_WHAT IS BEING ASKED_: From the first line to the last, copy the material word for word; pictures stay out.

_DATASET RECORDS_:
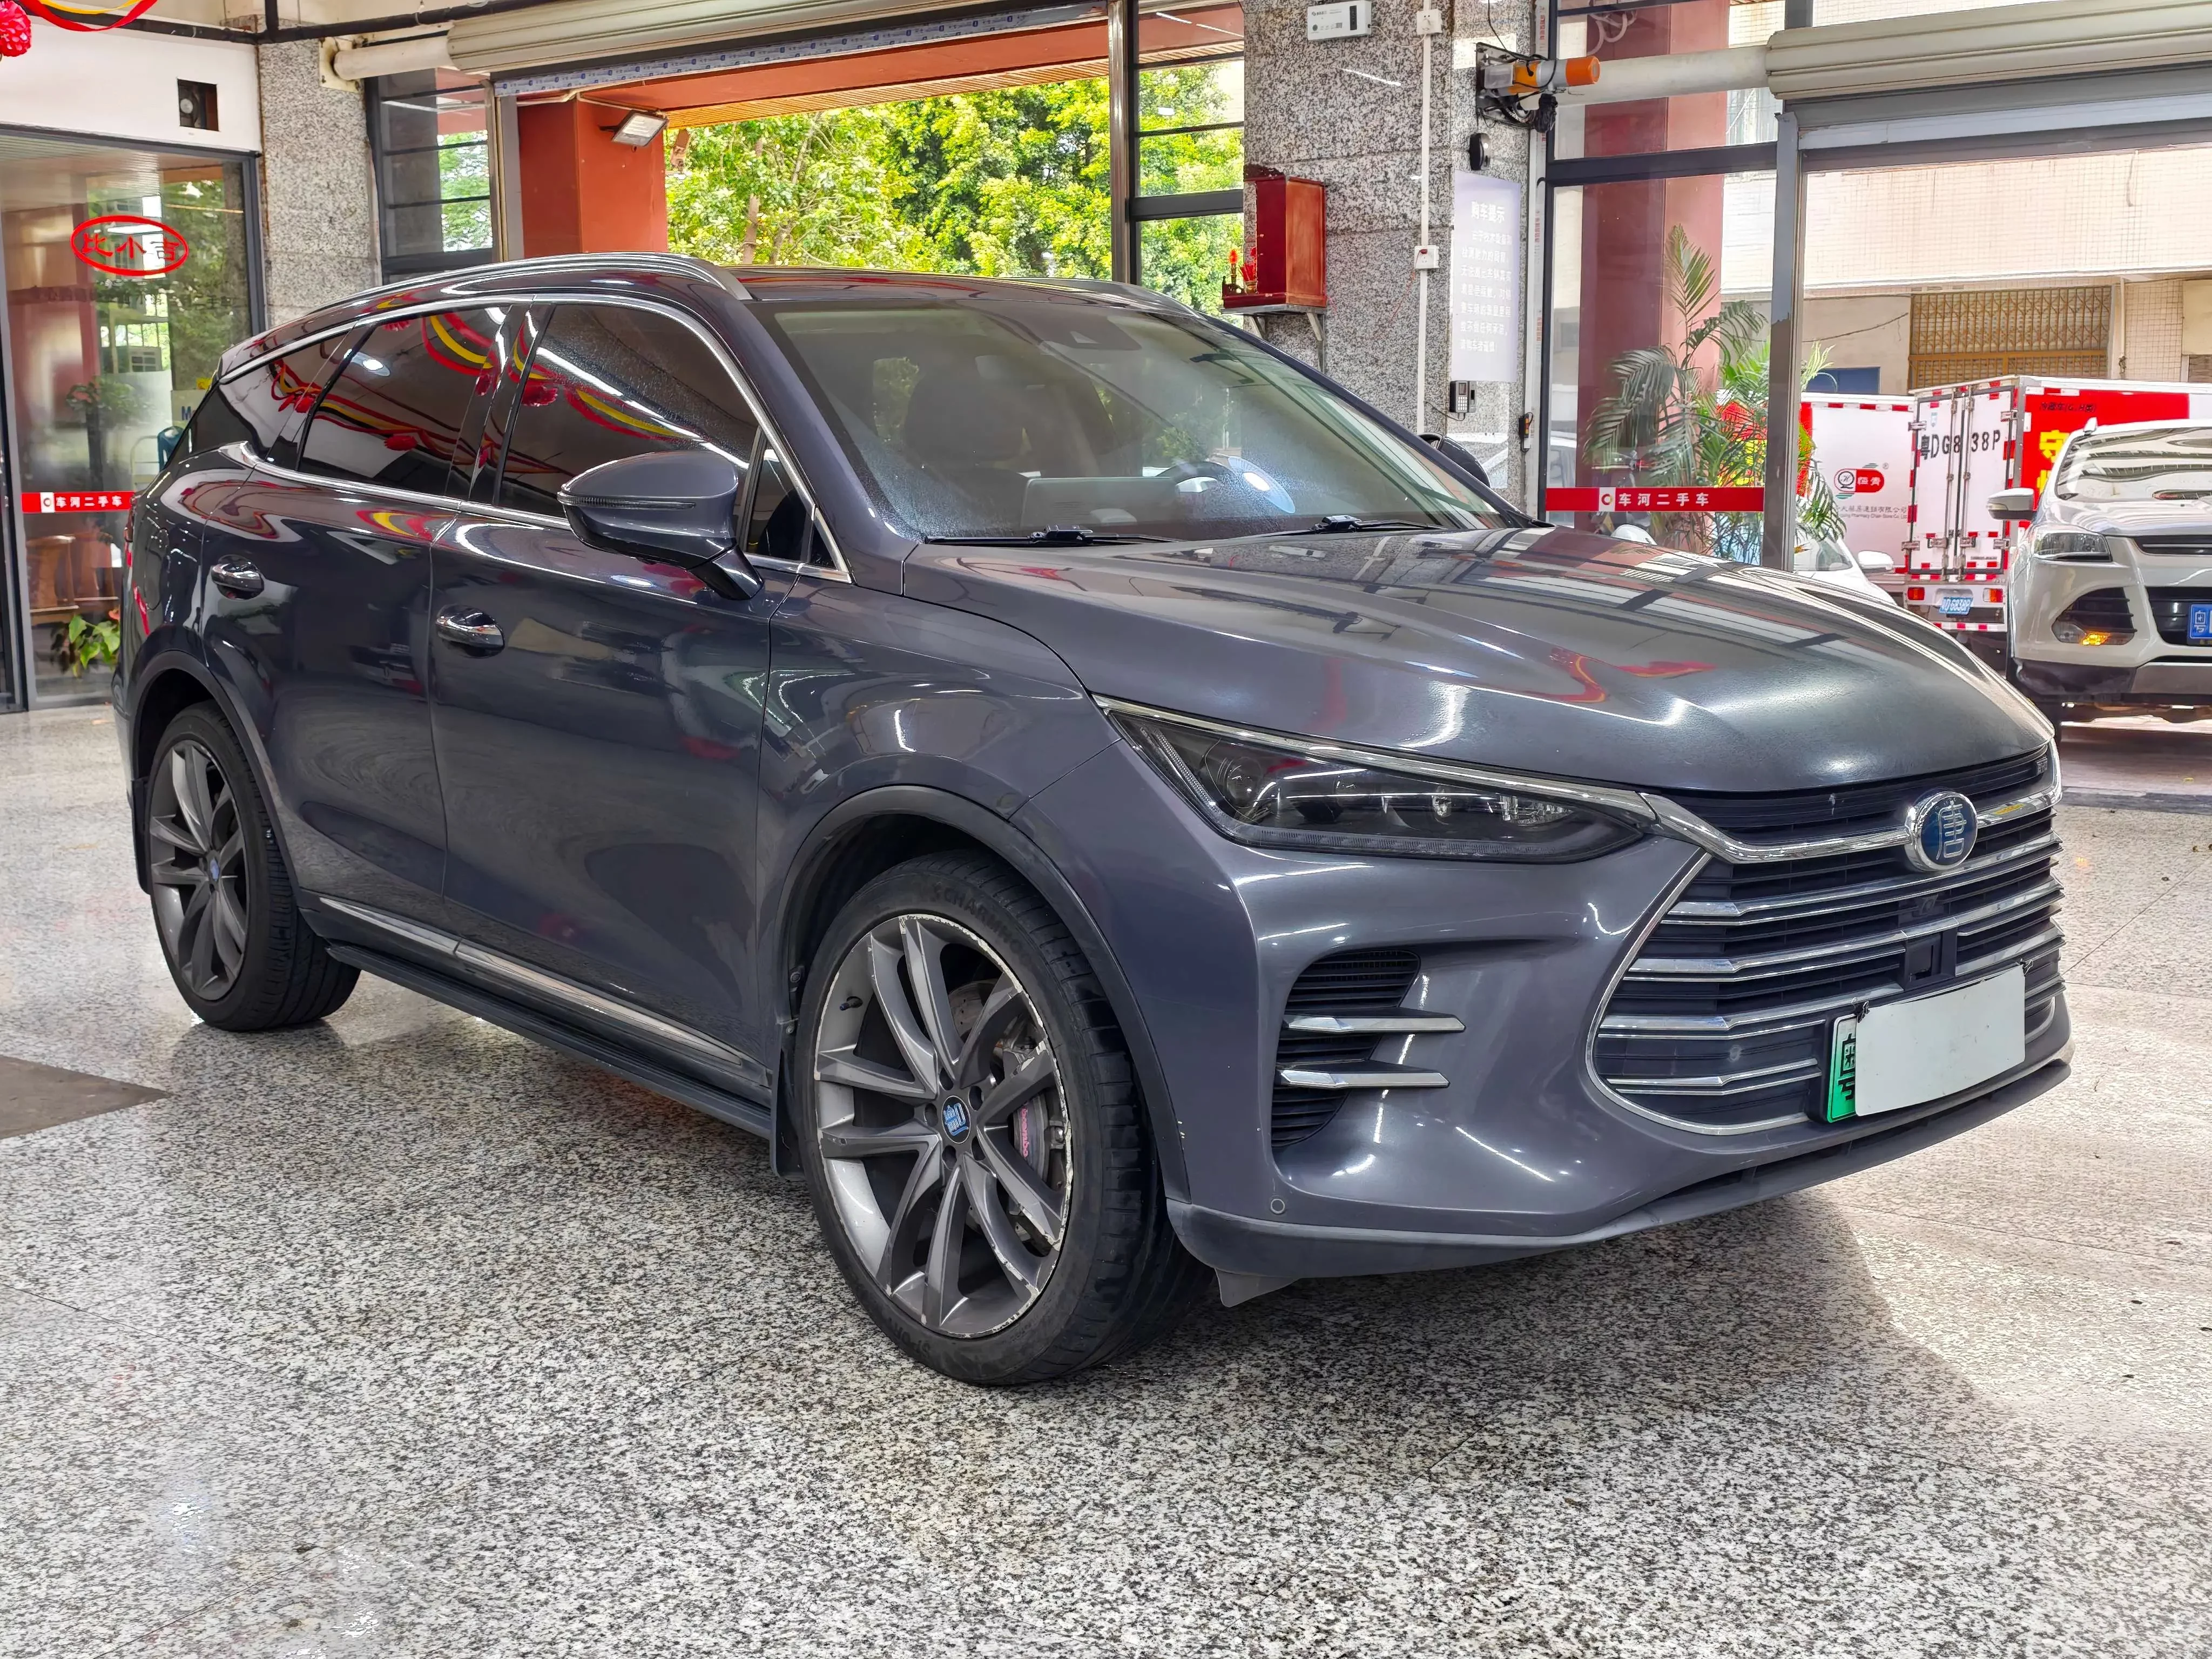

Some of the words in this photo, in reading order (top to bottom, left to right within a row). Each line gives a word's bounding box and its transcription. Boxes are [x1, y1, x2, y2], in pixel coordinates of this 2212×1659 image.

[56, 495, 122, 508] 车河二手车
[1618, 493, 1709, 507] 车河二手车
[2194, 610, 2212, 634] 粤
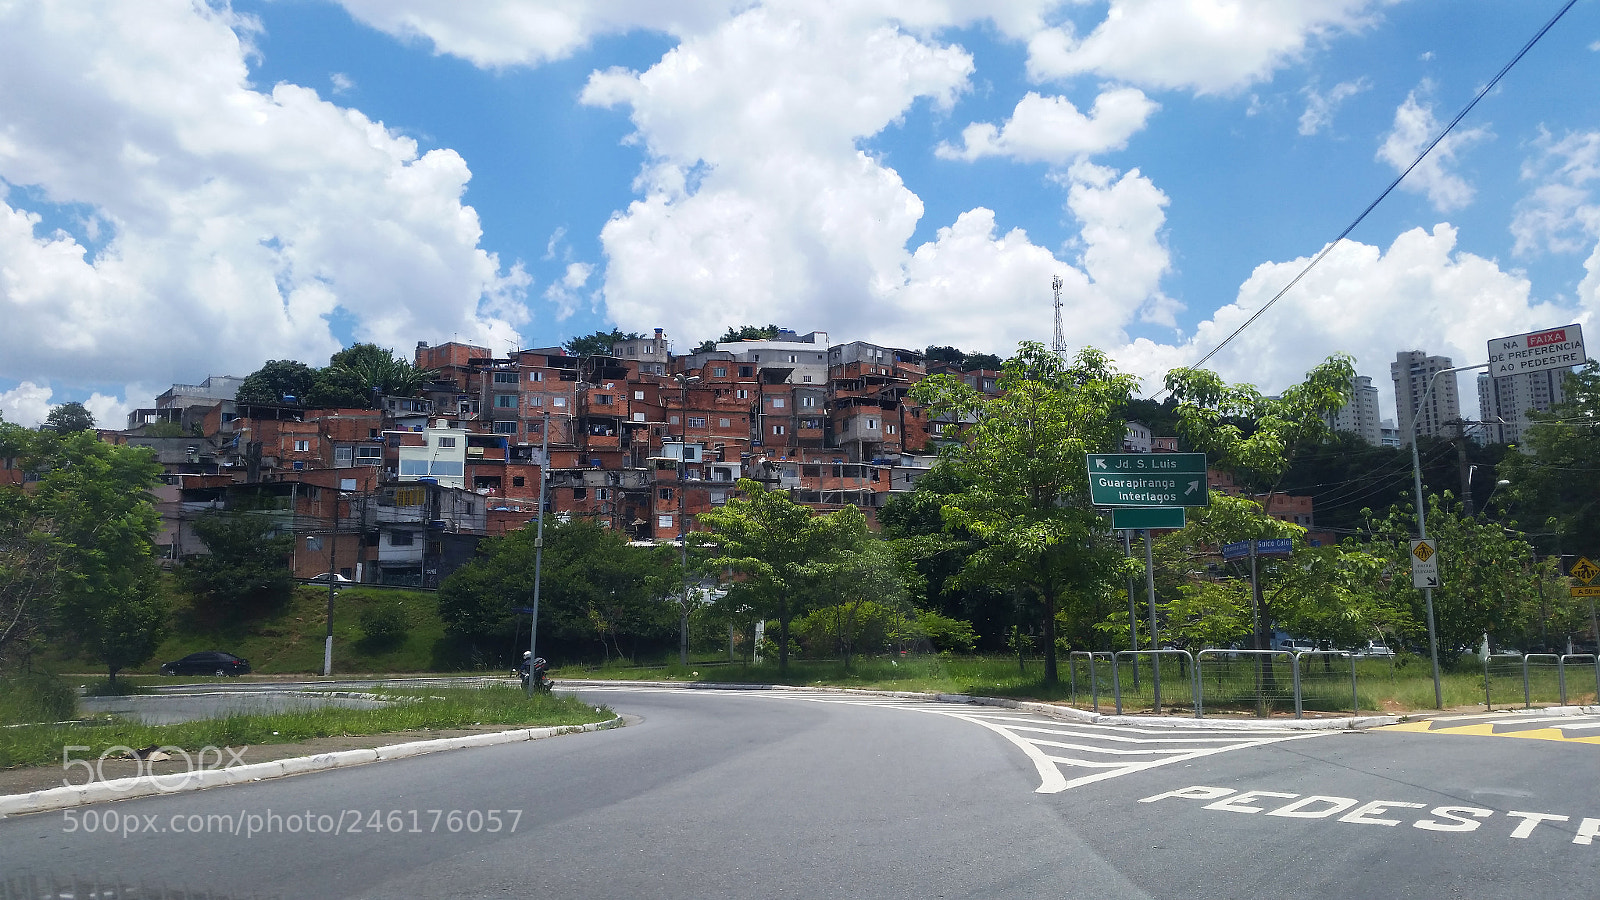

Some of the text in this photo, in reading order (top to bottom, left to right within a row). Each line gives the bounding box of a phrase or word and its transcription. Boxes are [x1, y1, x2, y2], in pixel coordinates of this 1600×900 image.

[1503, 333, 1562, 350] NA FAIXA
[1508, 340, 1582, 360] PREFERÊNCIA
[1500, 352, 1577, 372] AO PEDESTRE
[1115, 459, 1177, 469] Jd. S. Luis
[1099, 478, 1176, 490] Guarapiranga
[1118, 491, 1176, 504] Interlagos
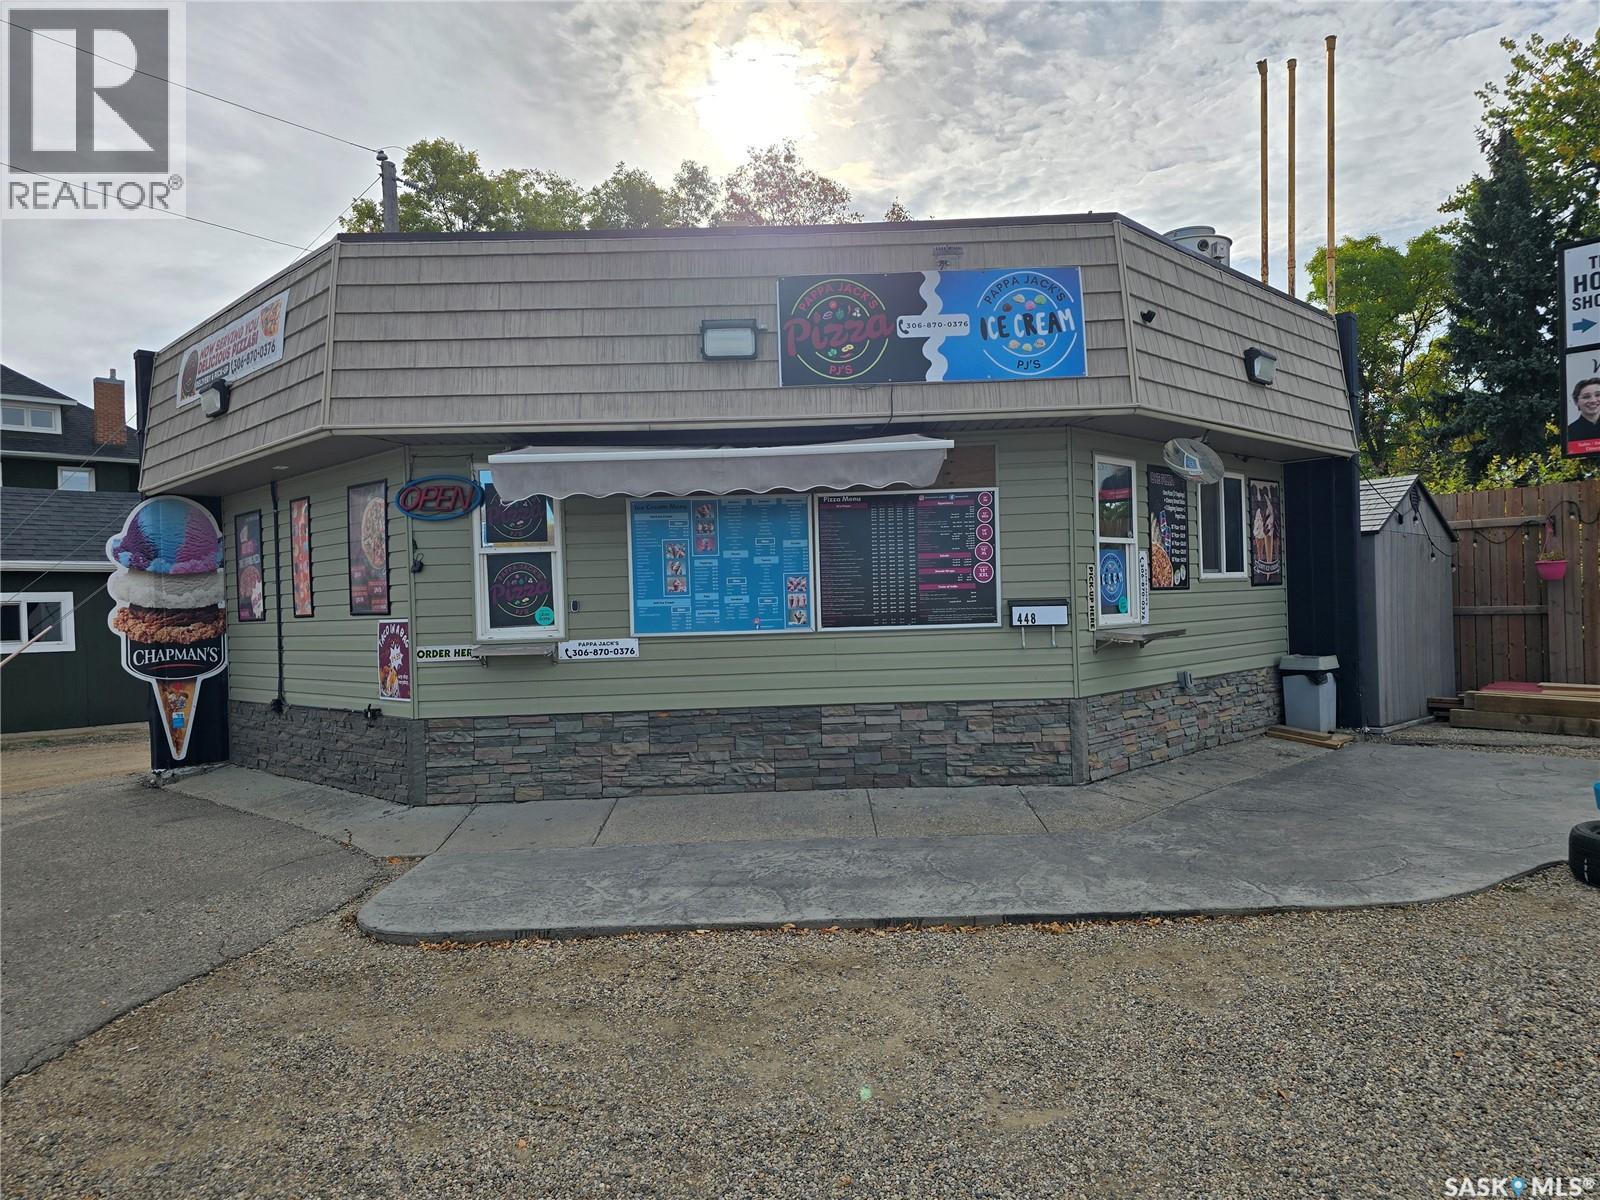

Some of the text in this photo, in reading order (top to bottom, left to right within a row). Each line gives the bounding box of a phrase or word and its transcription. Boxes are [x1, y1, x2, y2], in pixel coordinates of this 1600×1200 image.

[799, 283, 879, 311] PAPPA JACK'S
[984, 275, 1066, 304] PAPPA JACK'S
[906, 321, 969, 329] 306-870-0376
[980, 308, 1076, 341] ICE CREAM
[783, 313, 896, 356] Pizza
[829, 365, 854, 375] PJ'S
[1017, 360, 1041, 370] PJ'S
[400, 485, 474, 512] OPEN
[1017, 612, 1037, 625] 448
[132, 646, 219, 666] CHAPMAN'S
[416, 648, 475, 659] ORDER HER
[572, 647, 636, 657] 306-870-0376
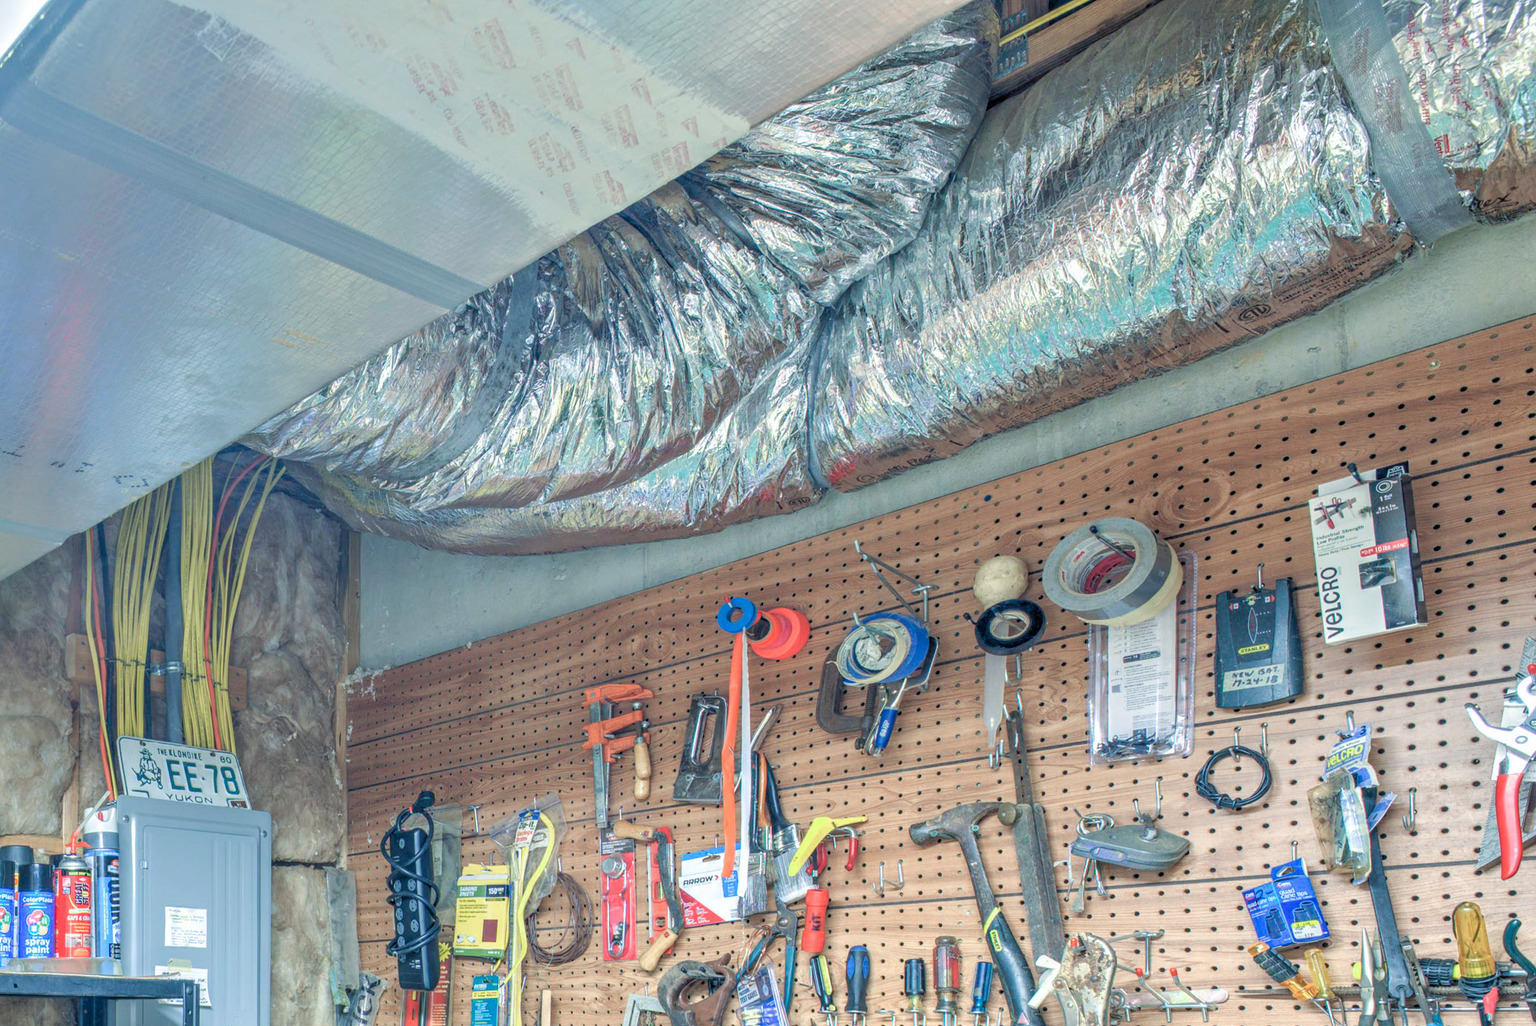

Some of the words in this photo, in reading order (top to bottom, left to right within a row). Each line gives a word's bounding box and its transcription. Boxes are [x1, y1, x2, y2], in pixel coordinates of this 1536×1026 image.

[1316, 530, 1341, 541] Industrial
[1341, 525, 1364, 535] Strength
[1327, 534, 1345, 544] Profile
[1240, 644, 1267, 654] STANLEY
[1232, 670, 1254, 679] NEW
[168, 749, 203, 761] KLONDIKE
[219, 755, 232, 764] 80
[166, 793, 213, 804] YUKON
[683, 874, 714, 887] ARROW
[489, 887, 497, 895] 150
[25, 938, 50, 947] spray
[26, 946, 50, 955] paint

_THE ANSWER_:
Some of the words in this photo, in reading order (top to bottom, left to right within a row). Each line gives a word's bounding box and its transcription. Boxes are [x1, y1, x2, y2], in pixel coordinates of this 2212×1659 image.

[56, 495, 122, 508] 车河二手车
[1618, 493, 1709, 507] 车河二手车
[2194, 610, 2212, 634] 粤

Some of the text in this photo, in reading order (top to bottom, left to right within a row). Each line gives the bounding box of a phrase or word and its transcription. Boxes are [x1, y1, x2, y2], in pixel coordinates of this 1600×900 image.

[1503, 333, 1562, 350] NA FAIXA
[1508, 340, 1582, 360] PREFERÊNCIA
[1500, 352, 1577, 372] AO PEDESTRE
[1115, 459, 1177, 469] Jd. S. Luis
[1099, 478, 1176, 490] Guarapiranga
[1118, 491, 1176, 504] Interlagos

Some of the text in this photo, in reading order (top to bottom, left to right within a row). Each line gives the bounding box of a phrase or word and its transcription. Boxes are [x1, y1, x2, y2], in pixel coordinates of this 1600×1200 image.

[799, 283, 879, 311] PAPPA JACK'S
[984, 275, 1066, 304] PAPPA JACK'S
[906, 321, 969, 329] 306-870-0376
[980, 308, 1076, 341] ICE CREAM
[783, 313, 896, 356] Pizza
[829, 365, 854, 375] PJ'S
[1017, 360, 1041, 370] PJ'S
[400, 485, 474, 512] OPEN
[1017, 612, 1037, 625] 448
[132, 646, 219, 666] CHAPMAN'S
[416, 648, 475, 659] ORDER HER
[572, 647, 636, 657] 306-870-0376

Some of the words in this photo, in reading order (top to bottom, left to right within a row). Each line gives a word's bounding box and its transcription. Boxes are [x1, y1, x2, y2], in pixel coordinates of this 1536×1026 image.

[1316, 530, 1341, 541] Industrial
[1341, 525, 1364, 535] Strength
[1327, 534, 1345, 544] Profile
[1240, 644, 1267, 654] STANLEY
[1232, 670, 1254, 679] NEW
[168, 749, 203, 761] KLONDIKE
[219, 755, 232, 764] 80
[166, 793, 213, 804] YUKON
[683, 874, 714, 887] ARROW
[489, 887, 497, 895] 150
[25, 938, 50, 947] spray
[26, 946, 50, 955] paint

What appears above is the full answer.